Toteż rachunek i analiza ekonomiczna czy perspektywy rozwoju branży zawsze były mniej istotne niż głosy stoczniowców żądających zachowania status quo. W stoczniach nie były najważniejsze wartość rządowej pomocy z pieniędzy podatników, jakość produkowanych statków, ale wielkość zatrudnienia i wysokość pensji.

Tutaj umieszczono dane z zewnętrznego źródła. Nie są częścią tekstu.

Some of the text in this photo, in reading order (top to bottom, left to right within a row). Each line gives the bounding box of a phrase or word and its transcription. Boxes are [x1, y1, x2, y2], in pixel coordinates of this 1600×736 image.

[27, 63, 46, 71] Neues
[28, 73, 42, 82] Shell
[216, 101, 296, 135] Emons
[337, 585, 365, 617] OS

Tymczasem przemysł stoczniowy przeżywa kłopoty w całej Europie. Nie mogły one ominąć naszych zakładów. U nas jednak kolejne rządy zamiast modernizować stocznie wolały pompować w nie miliardy złotych publicznej pomocy. Nikt nie ważył się nawet napomknąć, że w Polsce może nie być miejsca dla tylu zakładów. Nawet ich prywatyzacja była tematem tabu, nie wspominając już o sugestiach zbudowania w ich miejscu innych firm.

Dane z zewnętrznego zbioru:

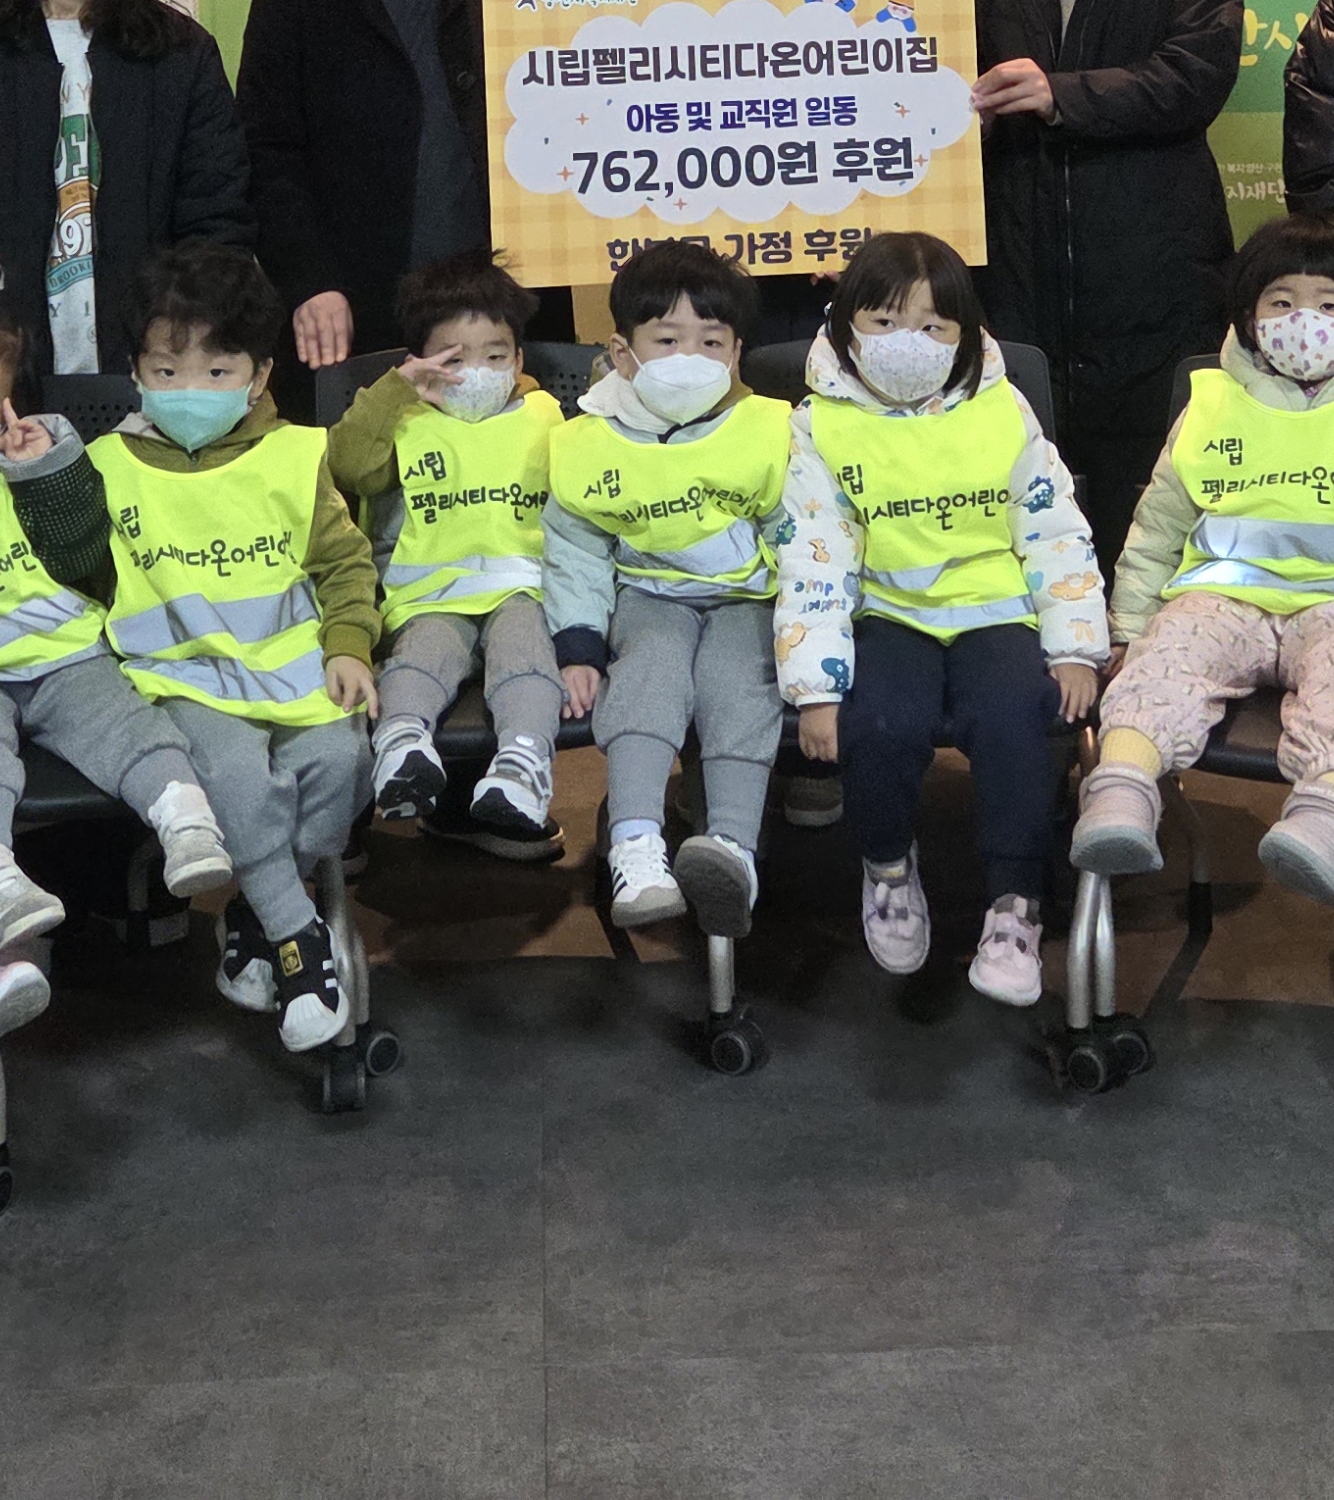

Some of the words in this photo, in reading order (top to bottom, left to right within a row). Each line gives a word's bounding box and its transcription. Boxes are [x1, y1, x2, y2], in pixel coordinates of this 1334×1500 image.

[522, 36, 939, 87] 시립펠리시티다온어린이집
[626, 103, 679, 133] 아동
[686, 102, 712, 131] 및
[719, 98, 798, 130] 교직원
[805, 96, 858, 127] 일동
[572, 140, 818, 198] 762,000원
[833, 137, 914, 184] 후원
[404, 451, 446, 481] 시립
[1203, 438, 1243, 466] 시립
[584, 468, 621, 498] 시립

Tradycję nieszczerego traktowania stoczni kontynuuje rząd Donalda Tuska, który dziś – gdy się okazało, że katarski inwestor pieniędzy za nie jednak nie wpłacił – mówi, że nic się nie stało. Bez winy nie są media – bo gdy znalazł się chętny do kupienia majątku stoczni w Szczecinie i Gdyni, najwięcej miejsca poświęcały jego obietnicom uruchomienia produkcji statków, a nie wiarygodności finansowej.

Cała operacja ze sprzedażą stoczni przypomina kiepską komedię, w której wszyscy starają się pokazać, z jakim poświęceniem ratują zakład. A temu zakładowi może pomóc tylko gigantyczny zastrzyk finansowy, na który Polski po prostu nie stać. Dziś zaczyna się kolejne poszukiwanie inwestora dla stoczni, w której rządzą związki zawodowe. W czasach kryzysu to karkołomne zadanie. To właśnie trzeba szczerze powiedzieć i społeczeństwu, i stoczniowcom. Metoda pustych obietnic będzie kosztować rząd znacznie więcej niż miliardy wydane z kieszeni podatników. Symbolom należą się pomniki, a nie dotowane przez państwo zakłady.